Income Quiz - solution


The following functions provide two implementations that simulate the random outcome for one student investing in scheme B. The first one uses a for loop, while the second one uses vectorized computation.

schemeBloop <- function(steps = 10, initial = 100) {
    money <- initial
    for (year in 1:steps) {
        multiplier = sample(c(2, 1/2), size = 1, prob = c(0.5, 0.5))
        money = money * multiplier
    }
    return(money)
}
schemeBvec <- function(steps = 10, initial = 100)
{
    multipliers <- sample(c(2, 1/2), steps, replace = TRUE)
    initial * prod(multipliers)
}

Both of these approaches are fine for this problem. Vectorized approaches are usually faster in R, as can be seen below.

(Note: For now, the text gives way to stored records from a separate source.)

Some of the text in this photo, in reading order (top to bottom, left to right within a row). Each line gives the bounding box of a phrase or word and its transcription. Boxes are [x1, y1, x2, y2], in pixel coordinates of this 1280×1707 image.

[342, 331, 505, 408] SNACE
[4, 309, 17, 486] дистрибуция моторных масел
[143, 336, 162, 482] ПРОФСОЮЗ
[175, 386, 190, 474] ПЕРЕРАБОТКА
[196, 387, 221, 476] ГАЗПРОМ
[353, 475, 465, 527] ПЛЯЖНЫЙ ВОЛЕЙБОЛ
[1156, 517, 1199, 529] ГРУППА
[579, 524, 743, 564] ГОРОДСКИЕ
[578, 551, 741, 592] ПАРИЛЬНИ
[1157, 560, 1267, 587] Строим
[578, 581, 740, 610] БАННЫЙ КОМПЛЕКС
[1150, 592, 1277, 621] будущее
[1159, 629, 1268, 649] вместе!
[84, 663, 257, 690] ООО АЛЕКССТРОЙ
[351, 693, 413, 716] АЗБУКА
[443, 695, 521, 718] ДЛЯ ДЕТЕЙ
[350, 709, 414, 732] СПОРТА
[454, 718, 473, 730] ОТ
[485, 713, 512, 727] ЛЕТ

system.time(sim10000 <- replicate(10000, schemeBloop()))
   user  system elapsed 
  0.540   0.004   0.544 
system.time(sim10000 <- replicate(10000, schemeBvec()))
   user  system elapsed 
  0.081   0.000   0.082 

However, the loop approach is more general. For example, suppose we have a hybrid approach where a student chooses scheme A if their current investment is less than 200, but scheme B otherwise. Such a scheme can be easily incorporated into the loop approach, but not so easily in the vectorized approach.

We can now use these simulation results to obtain answers to our questions.

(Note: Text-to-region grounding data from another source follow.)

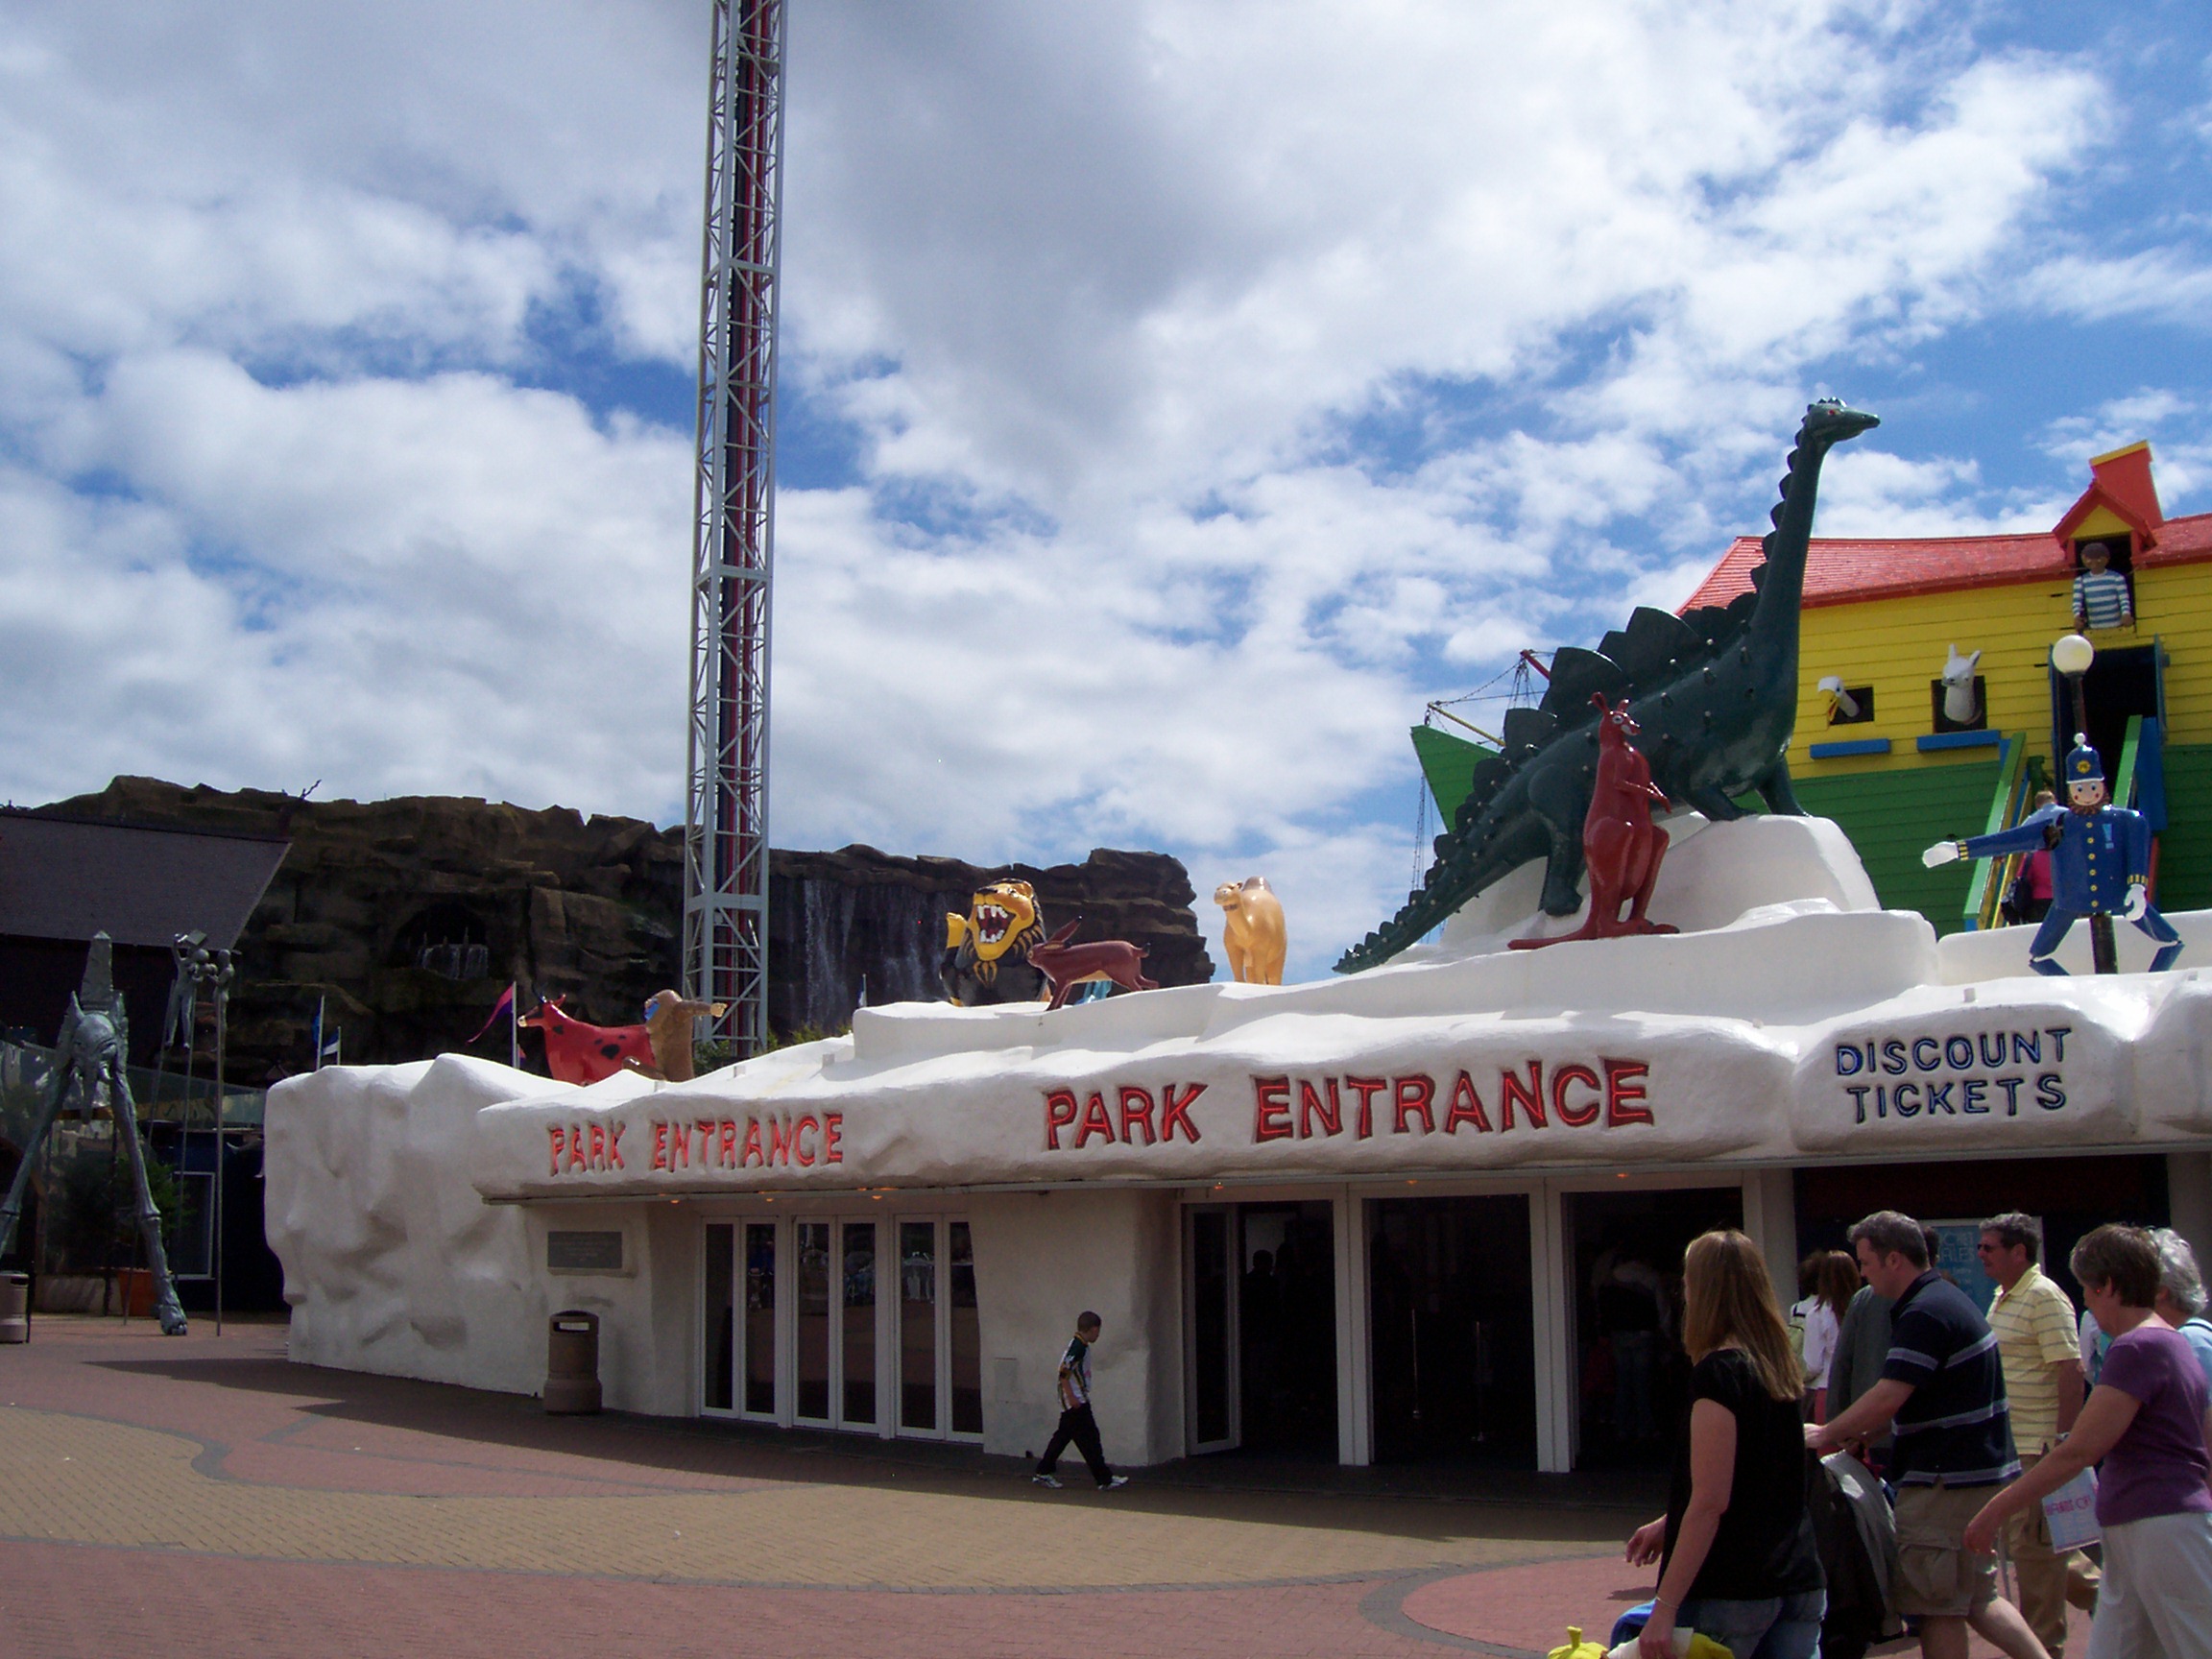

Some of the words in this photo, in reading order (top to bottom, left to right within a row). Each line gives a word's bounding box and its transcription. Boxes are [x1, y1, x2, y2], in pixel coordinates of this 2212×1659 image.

[1836, 1027, 2072, 1075] DISCOUNT
[1043, 1082, 1209, 1151] PARK
[1250, 1057, 1654, 1144] ENTRANCE
[1847, 1074, 2067, 1124] TICKETS
[548, 1120, 626, 1177] PARK
[650, 1112, 844, 1173] ENTRANCE

## 1 (b) - average amount per student
mean(sim10000)
[1] 900.6568
## 2 (b) - P(amount >= 100)
mean(sim10000 >= 100)
[1] 0.6288
## 3 (b) - P(amount >= 931.32)
mean(sim10000 >= 931.32)
[1] 0.1709

For the last question, we need to find the total of the top 10% of the amounts, which we will interpret as the top 1000 amounts in our simulation (ignoring possible ties at the corresponding value).

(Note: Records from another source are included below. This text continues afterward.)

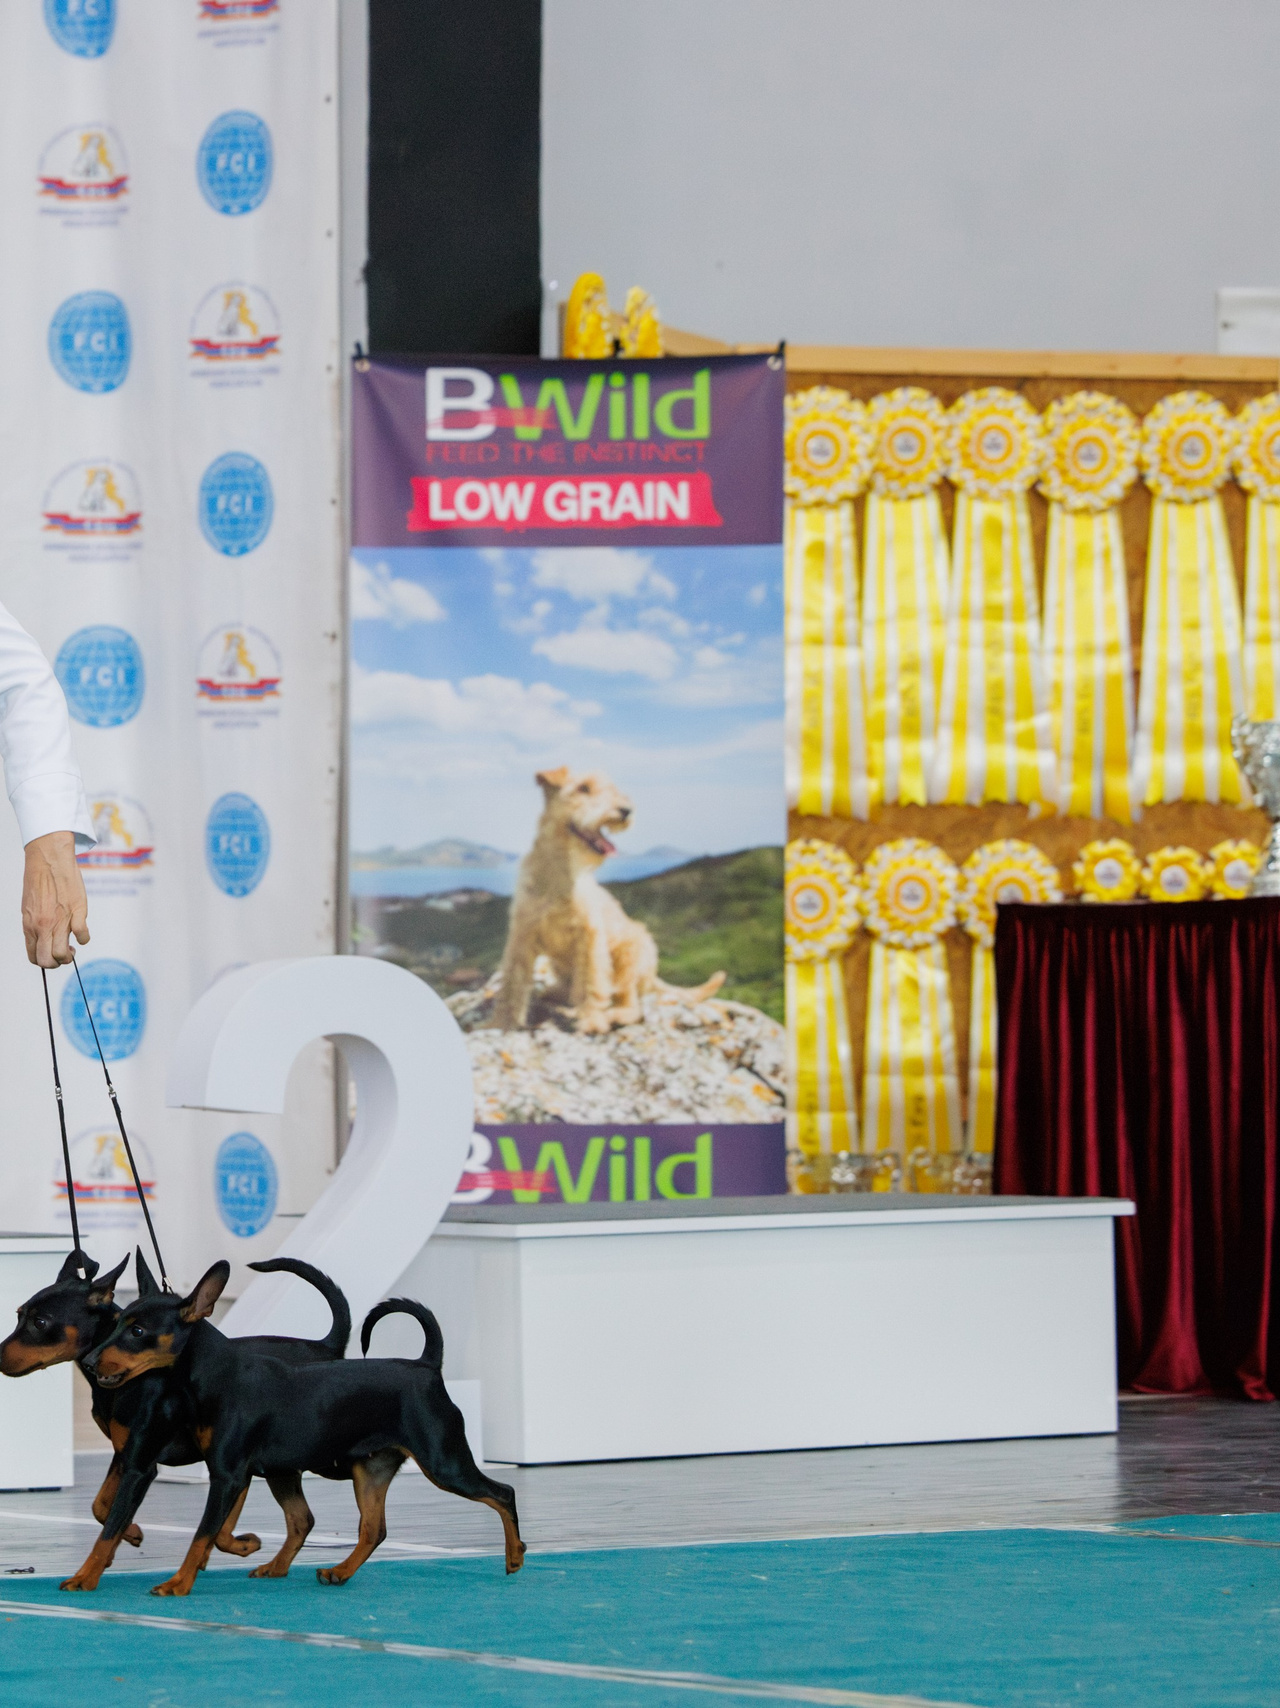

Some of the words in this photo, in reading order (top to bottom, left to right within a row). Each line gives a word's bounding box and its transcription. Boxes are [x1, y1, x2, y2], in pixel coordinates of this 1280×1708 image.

[73, 332, 120, 351] FCI
[425, 366, 712, 441] BWild
[425, 442, 501, 464] FEED
[509, 442, 565, 464] THE
[573, 441, 706, 463] INSTINCT
[428, 481, 536, 521] LOW
[543, 480, 690, 520] GRAIN
[80, 668, 126, 687] FCI
[167, 955, 482, 1460] 2

sim10000 <- sort(sim10000, decreasing = TRUE)
total <- sum(sim10000)
top10 <- sum(head(sim10000, 1000))
round(100 * top10 / total)
[1] 75

Becuase this is such a simple scheme, it is also possible to compute answers to these questions without doing any simulation. Note that the amount of money after 10 years for a particular student is

\[M = 100 \cdot 2^X \cdot (1/2)^{10-X} = 2^{2X} \cdot 100 \cdot 2^{-10}\]

where $X ~\sim \text{Bin}(10, \frac12)$. In other words,

\[\log_2 M = 2X - 10 + \log_2 100\]

This means that we can calculate the exact probabilities asked in questions 2 and 3 in terms of Binomial probabilities using the pbinom() function, which gives the cumulative distribution function of the Binomial distribution.

\[P(M \geq a) = P(\log_2 M \geq \log_2 a) = P\left( X \geq \frac12 (\log_2 a + 10 - \log_2 100) \right)\]
## 2 (b) - P(amount >= 100)
1 - pbinom(0.5 * (log2(100) + 10 - log2(100)) - 0.5,
           size = 10, prob = 0.5)
[1] 0.6230469
## 3 (b) - P(amount >= 931.32)
1 - pbinom(0.5 * (log2(931.32) + 10 - log2(100)) - 0.5,
           size = 10, prob = 0.5)
[1] 0.171875

Read the help page for pbinom() to understand why the offset of -0.5 is required, and what happens if it is not included.